Zhang Zhenwu, Bao Xinyu, Lin Chao-Po
School of Life Science and Technology, ShanghaiTech University, Shanghai 201210, China.
Biomedicines. 2023 Aug 1;11(8):2168. doi: 10.3390/biomedicines11082168.
Applying programmable nucleases in gene editing has greatly shaped current research in basic biology and clinical translation. Gene editing in human pluripotent stem cells (PSCs), including embryonic stem cells (ESCs) and induced pluripotent stem cells (iPSCs), is highly relevant to clinical cell therapy and thus should be examined with particular caution. First, since all mutations in PSCs will be carried to all their progenies, off-target edits of editors will be amplified. Second, due to the hypersensitivity of PSCs to DNA damage, double-strand breaks (DSBs) made by gene editing could lead to low editing efficiency and the enrichment of cell populations with defective genomic safeguards. In this regard, DSB-independent gene editing tools, such as base editors and prime editors, are favored due to their nature to avoid these consequences. With more understanding of the microbial world, new systems, such as Cas-related nucleases, transposons, and recombinases, are also expanding the toolbox for gene editing. In this review, we discuss current applications of programmable nucleases in PSCs for gene editing, the efforts researchers have made to optimize these systems, as well as new tools that can be potentially employed for differentiation modeling and therapeutic applications.
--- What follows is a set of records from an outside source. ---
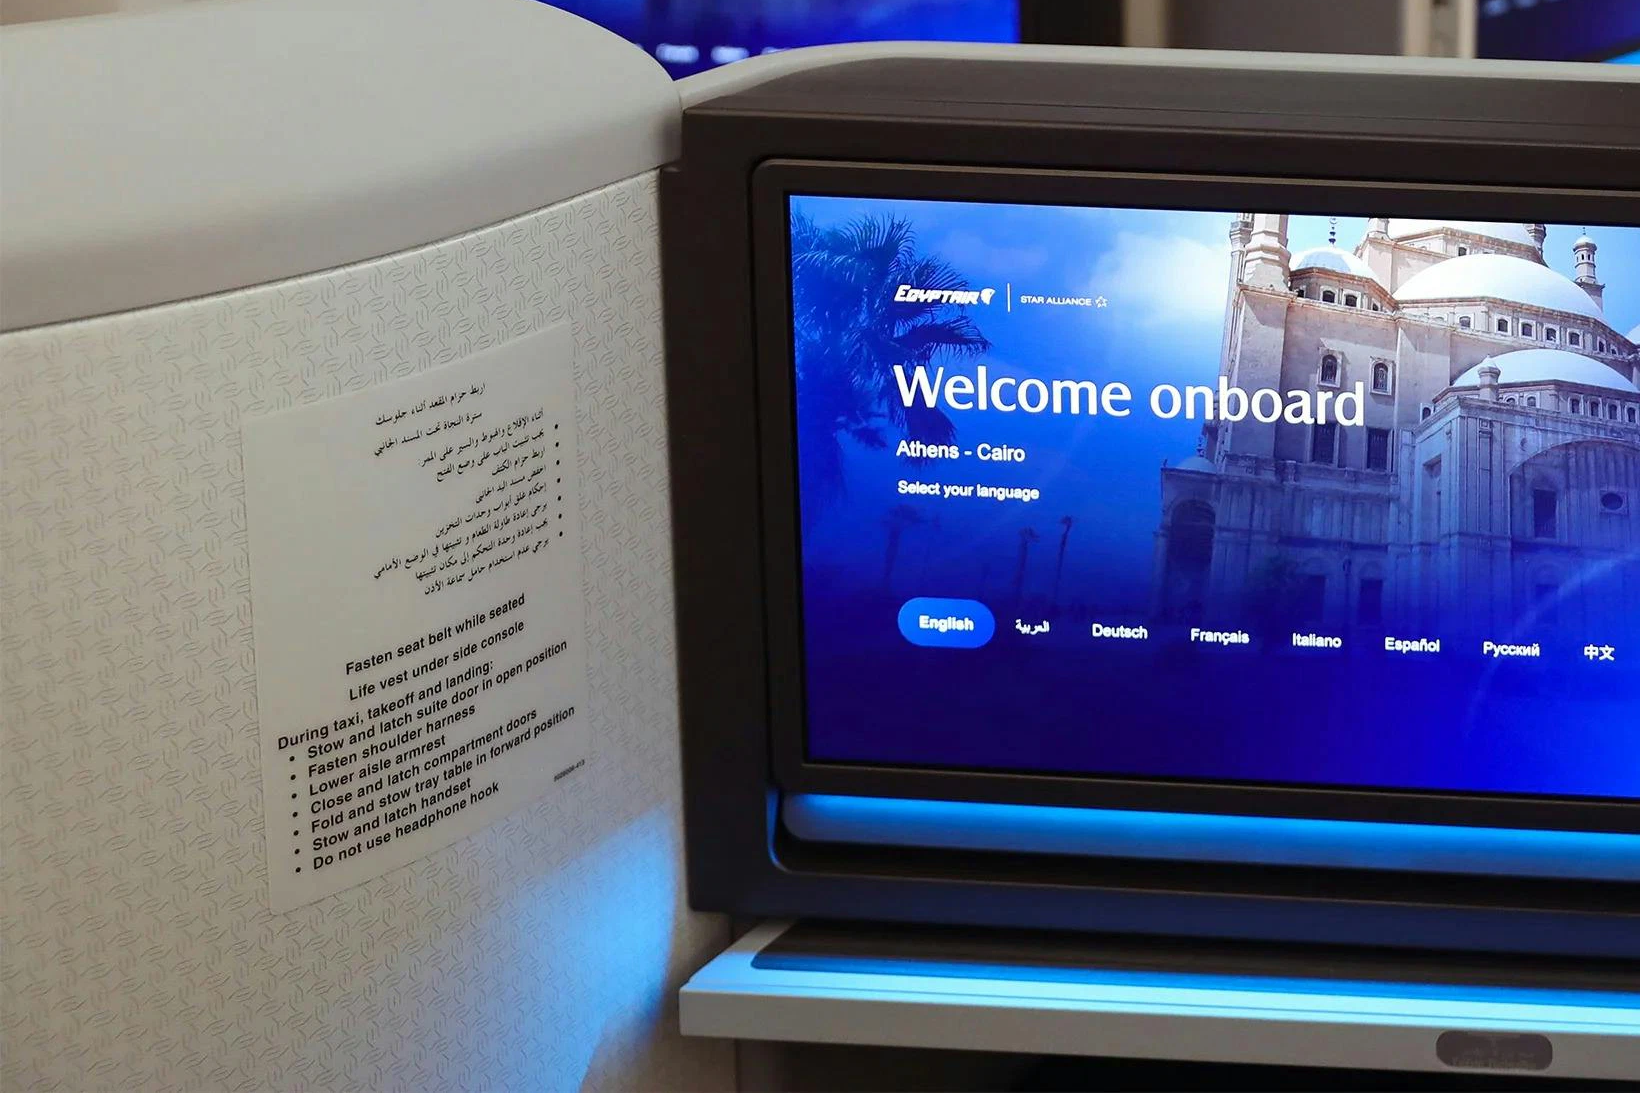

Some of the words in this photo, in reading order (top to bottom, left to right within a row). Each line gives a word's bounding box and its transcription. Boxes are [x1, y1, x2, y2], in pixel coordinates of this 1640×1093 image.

[894, 284, 979, 305] EGYPTAIR
[1020, 295, 1044, 305] STAR
[1046, 296, 1092, 306] ALLIANCE
[893, 365, 1131, 416] Welcome
[1151, 377, 1363, 425] onboard
[896, 440, 959, 459] Athens
[977, 443, 1025, 462] Cairo
[898, 480, 940, 495] Select
[943, 485, 974, 498] your
[977, 484, 1039, 502] language
[346, 651, 392, 675] Fasten
[397, 637, 425, 657] seat
[429, 627, 452, 645] belt
[455, 614, 486, 634] while
[490, 593, 524, 619] seated
[919, 615, 974, 632] English
[1016, 619, 1049, 635] العربية
[1092, 624, 1148, 639] Deutsch
[1191, 628, 1249, 645] Français
[1293, 633, 1342, 648] Italiano
[1385, 637, 1440, 653] Español
[1483, 642, 1540, 657] Русский
[1584, 644, 1614, 660] 中文
[350, 683, 375, 701] Life
[380, 670, 408, 689] vest
[412, 655, 449, 677] under
[453, 643, 478, 661] side
[481, 622, 524, 649] console
[278, 725, 328, 750] During
[334, 712, 363, 731] taxi,
[368, 691, 415, 719] takeoff
[418, 681, 442, 701] and
[446, 661, 492, 689] landing:
[308, 739, 344, 759] Stow
[349, 725, 375, 745] and
[380, 713, 412, 734] latch
[417, 699, 448, 719] suite
[452, 685, 479, 705] door
[482, 679, 492, 691] in
[496, 664, 522, 684] open
[526, 641, 566, 672] position
[309, 753, 357, 777] Fasten
[362, 728, 422, 759] shoulder
[426, 705, 475, 734] harness
[310, 772, 354, 796] Lower
[359, 759, 391, 779] aisle
[396, 735, 445, 765] armrest
[311, 793, 352, 814] Close
[358, 778, 382, 798] and
[388, 765, 420, 786] latch
[424, 725, 503, 771] compartment
[506, 710, 536, 733] doors
[312, 811, 343, 833] Fold
[348, 799, 374, 819] and
[379, 787, 411, 807] stow
[415, 775, 439, 793] tray
[443, 761, 472, 781] table
[476, 753, 486, 765] in
[490, 727, 530, 759] forward
[534, 707, 574, 739] position
[313, 830, 349, 851] Stow
[354, 816, 379, 836] and
[385, 803, 416, 824] latch
[421, 777, 470, 809] handset
[314, 855, 333, 869] Do
[339, 842, 362, 861] not
[366, 833, 391, 849] use
[396, 799, 466, 838] headphone
[470, 782, 498, 805] hook
在基因编辑中应用可编程核酸酶极大地塑造了当前基础生物学研究和临床转化的格局。人类多能干细胞(PSCs)中的基因编辑,包括胚胎干细胞(ESCs)和诱导多能干细胞(iPSCs),与临床细胞治疗高度相关,因此应格外谨慎地进行研究。首先,由于PSCs中的所有突变都会传递给其所有后代,编辑工具的脱靶编辑会被放大。其次,由于PSCs对DNA损伤高度敏感,基因编辑产生的双链断裂(DSBs)可能导致编辑效率低下,并使具有缺陷基因组保护机制的细胞群体富集。在这方面,不依赖DSB的基因编辑工具,如碱基编辑器和引导编辑器,因其能够避免这些后果的特性而受到青睐。随着对微生物世界的更多了解,新的系统,如与Cas相关的核酸酶、转座子和重组酶,也在不断扩展基因编辑的工具库。在这篇综述中,我们讨论了可编程核酸酶在PSCs基因编辑中的当前应用、研究人员为优化这些系统所做的努力,以及可潜在用于分化建模和治疗应用的新工具。